All patients with AF due to heart valve disease due to prior rheumatic fever (mitral stenosis), regardless of age, are also at high risk of stroke and should be anticoagulated.

Cardioversion/Maintenance of Sinus Rhythm

Most patients presenting with new onset AF who remain in AF should receive an initial attempt at cardioversion (shock) to restore a normal heart rhythm. Since AF will recur in most patients, the addition of antiarrhythmic agents may also be needed to help maintain sinus rhythm. The decision of when to forgo maintanence of sinus rhythm in favor of anticoagulation and ventricular rate control is a difficult one. In patients with symptoms of palpitations, fatigue, or exertional dyspnea, aggressive attempts to maintain sinus rhythm are certainly warranted. Antiarrhythmic drugs are agents that help the heart maintain a normal rhythm. In general these agents are more potent than the drugs used for heart rate control, and may have additional side effects. These may include fatigue, a slow heart rhythm, and the potential for creating life-threatening heart rhythms in the bottom chambers of the heart. The most potent of these drugs, amiodarone, can also be associated with lung, thyroid and liver toxicities as well as causing problems with vision and nerves. For this reason these drugs are often started in the hospital while the heart rhythm is monitored. Your cardiologist can help decide of a heart rhythm drug is needed and which is best and safest. In the asymptomatic patient, the risk of antiarrhythmic drug therapy must be weighed against the benefit of maintaining sinus rhythm. The commonly used oral antiarrhythmic drugs your doctor may prescribe are outlined in the Table 2 below.

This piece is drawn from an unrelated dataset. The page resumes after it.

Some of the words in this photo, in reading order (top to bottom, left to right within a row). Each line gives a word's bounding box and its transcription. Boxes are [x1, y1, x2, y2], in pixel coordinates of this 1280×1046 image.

Drug Class Starting dose Frequency Total Maximum daily dose Side-effect
Quinidine (Quinaglute) IA 324 mg 3x times daily 1944 mg Nausea, diarrhea
Disopyramide (Norpace) IA 150 mg 4x daily or 2x daily (CR) 1200 mg Dry mouth, eyes
Flecainide (Tamocor) IC 50-100 mg 2x daily 400 mg Metallic taste, fatigue
Propafenone (Rhythmol) IC 150 mg 3x daily or 2x daily (SR) 900 mg Metallic taste, fatigue
Sotalol (Betapace) III 80 mg Twice daily 320 mg Slow heart rate, Torsade de pointes VT
Dofetilide (Tikosyn) III 500 ug Twice daily 1000 ug Torsade de pointes VT
Amiodarone (Cordarone) III 100-200 mg Daily 400 mg Lung fibrosis, liver failure, hyper/hypothyroidism, neuropathy, optic neuritis

It should be emphasized that complete suppression of AF with an antiarrhythmic drug is an unrealistic. Even with effective drug therapy, recurrence rates of AF are approximately 50% at 1 year. Often, a more reasonable goal is a reduction in the frequency of AF recurrences. Therefore, each AF recurrence is not necessarily a "failure" of therapy, and drug type or dosage need not be adjusted for infrequent recurrences . This can be discussed with your doctor. The key to successful treatment of AF is tailoring therapy to the individual patient.

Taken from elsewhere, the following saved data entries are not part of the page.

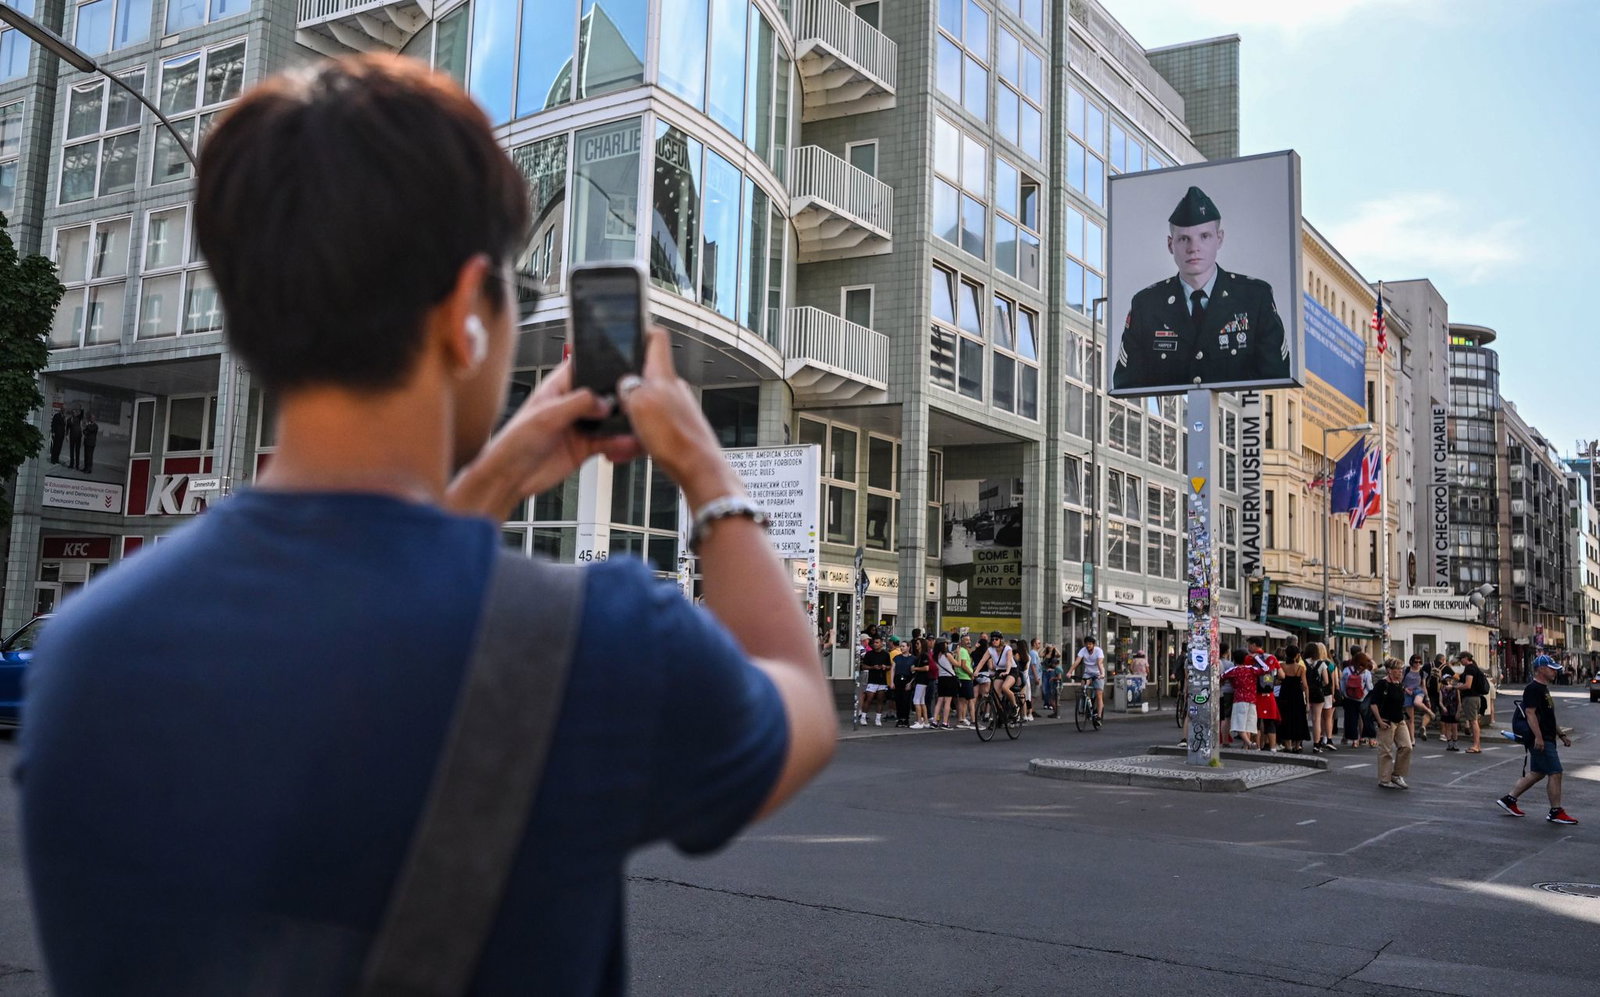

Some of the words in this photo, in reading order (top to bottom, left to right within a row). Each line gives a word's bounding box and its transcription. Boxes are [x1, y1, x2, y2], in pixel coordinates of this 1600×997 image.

[584, 127, 642, 162] CHARLIE
[1433, 408, 1446, 463] CHARLIE
[756, 450, 782, 459] AMERICAN
[783, 449, 803, 457] SECTOR
[748, 460, 757, 468] OFF
[759, 460, 772, 468] DUTY
[774, 458, 802, 467] FORBIDDEN
[759, 468, 775, 476] RULES
[743, 481, 780, 490] МЕРИКАНСКИЙ
[1242, 417, 1260, 570] MAUERMUSEUM
[1434, 467, 1448, 550] CHECKPONT
[768, 528, 796, 536] IRCULATION
[63, 542, 90, 557] KFC
[781, 541, 801, 550] SEKTOR
[578, 550, 592, 562] 45
[594, 551, 607, 562] 45
[978, 550, 1009, 561] COME
[980, 565, 999, 574] AND
[1003, 564, 1015, 573] BE
[1436, 555, 1448, 577] AM
[829, 571, 849, 584] CHARLIE
[874, 577, 899, 588] MUSEUMSS
[977, 577, 1003, 586] PART
[1008, 577, 1021, 586] OF
[946, 598, 968, 606] MAUER
[1412, 600, 1431, 609] ARMY
[1433, 600, 1472, 610] CHECKPOINT

Can anticoagulation be stopped after return to sinus rhythm in patients on antiarrhythmic drugs?

Once a patient has been converted to sinus rhythm, the question of stopping anticoagulation always arises. Although it seems intuitively reasonable, there is currently no data to support the assertion that patients in sinus rhythm on antiarrhythmic treatment have a low risk of thromboembolism. Even patients with significant symptoms from AF can have significant asymptomatic episodes. Therefore, in patients treated with antiarrhythmic drugs, the decision to use antiarrhythmic drugs should be independent of the decision to use anticoagulation. Even if apparent sinus rhythm is maintained, anticoagulation should be continued based on the CHADS2 or CHADS2-Vasc score.